Sussex Eye Hospital, Brighton.
National Specialist Ophthalmic Pathology Service (NSOPS), Dept of Histopathology, E-Floor, Royal Hallamshire Hospital Sheffield.
Ophthalmic Plast Reconstr Surg. 2020 Sep/Oct;36(5):438-443. doi: 10.1097/IOP.0000000000001589.
To describe 10 patients with Morbihan syndrome, a rare condition characterized by the slow appearance of erythema and solid edema on the upper portion of the face, and review the literature.
Retrospective case series and review.
The majority of patients were male (80%), and the mean age at presentation was 67 years (range, 48-88 years); 60% had asymmetrical disease (affecting mainly the right side). All subjects underwent a lid biopsy to support the diagnosis of Morbihan syndrome, which showed features of inflammation and vascular dysfunction, highly suggestive of a rosacea histological picture complicated by chronic lymphoedema. A range of medical and surgical treatment were used with variable success. The most effective ones included oral isotretinoin, intralesional triamcinolone injections, and debulking surgery.

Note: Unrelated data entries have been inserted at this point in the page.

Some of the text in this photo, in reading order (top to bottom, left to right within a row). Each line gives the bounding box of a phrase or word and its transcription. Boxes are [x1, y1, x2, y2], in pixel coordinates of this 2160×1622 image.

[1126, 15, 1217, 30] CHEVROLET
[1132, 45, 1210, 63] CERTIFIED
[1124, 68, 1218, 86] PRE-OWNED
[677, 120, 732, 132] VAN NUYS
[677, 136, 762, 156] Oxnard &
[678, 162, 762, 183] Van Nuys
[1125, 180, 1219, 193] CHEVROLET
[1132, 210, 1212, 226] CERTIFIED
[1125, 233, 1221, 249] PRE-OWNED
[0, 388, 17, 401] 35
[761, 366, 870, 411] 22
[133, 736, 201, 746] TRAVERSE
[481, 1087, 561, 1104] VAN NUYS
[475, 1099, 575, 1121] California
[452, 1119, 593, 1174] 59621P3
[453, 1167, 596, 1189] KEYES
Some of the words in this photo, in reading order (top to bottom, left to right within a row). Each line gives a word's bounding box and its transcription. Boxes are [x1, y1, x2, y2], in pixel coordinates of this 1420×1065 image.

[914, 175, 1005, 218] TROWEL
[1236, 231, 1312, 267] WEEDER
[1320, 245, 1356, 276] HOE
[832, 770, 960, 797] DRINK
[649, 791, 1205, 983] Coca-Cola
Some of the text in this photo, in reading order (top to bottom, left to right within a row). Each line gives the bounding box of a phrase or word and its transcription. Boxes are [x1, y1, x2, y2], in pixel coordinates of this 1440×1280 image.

Morbihan syndrome is a rare and chronic condition. It can be difficult to treat and may require a range of interventions.
描述 10 例 Morbihan 综合征患者,这是一种罕见的疾病,表现为面部上部缓慢出现红斑和坚实性水肿,并复习相关文献。
回顾性病例系列和综述。
大多数患者为男性(80%),发病时的平均年龄为 67 岁(范围,48-88 岁);60%的患者疾病呈不对称性(主要影响右侧)。所有患者均接受了眼睑活检以支持 Morbihan 综合征的诊断,该诊断显示出炎症和血管功能障碍的特征,高度提示为伴有慢性淋巴水肿的酒渣鼻组织学图像。采用了一系列的药物和手术治疗,但疗效不一。最有效的治疗方法包括口服异维 A 酸、皮损内曲安奈德注射和减容手术。
Morbihan 综合征是一种罕见的慢性疾病,治疗较为困难,可能需要多种干预措施。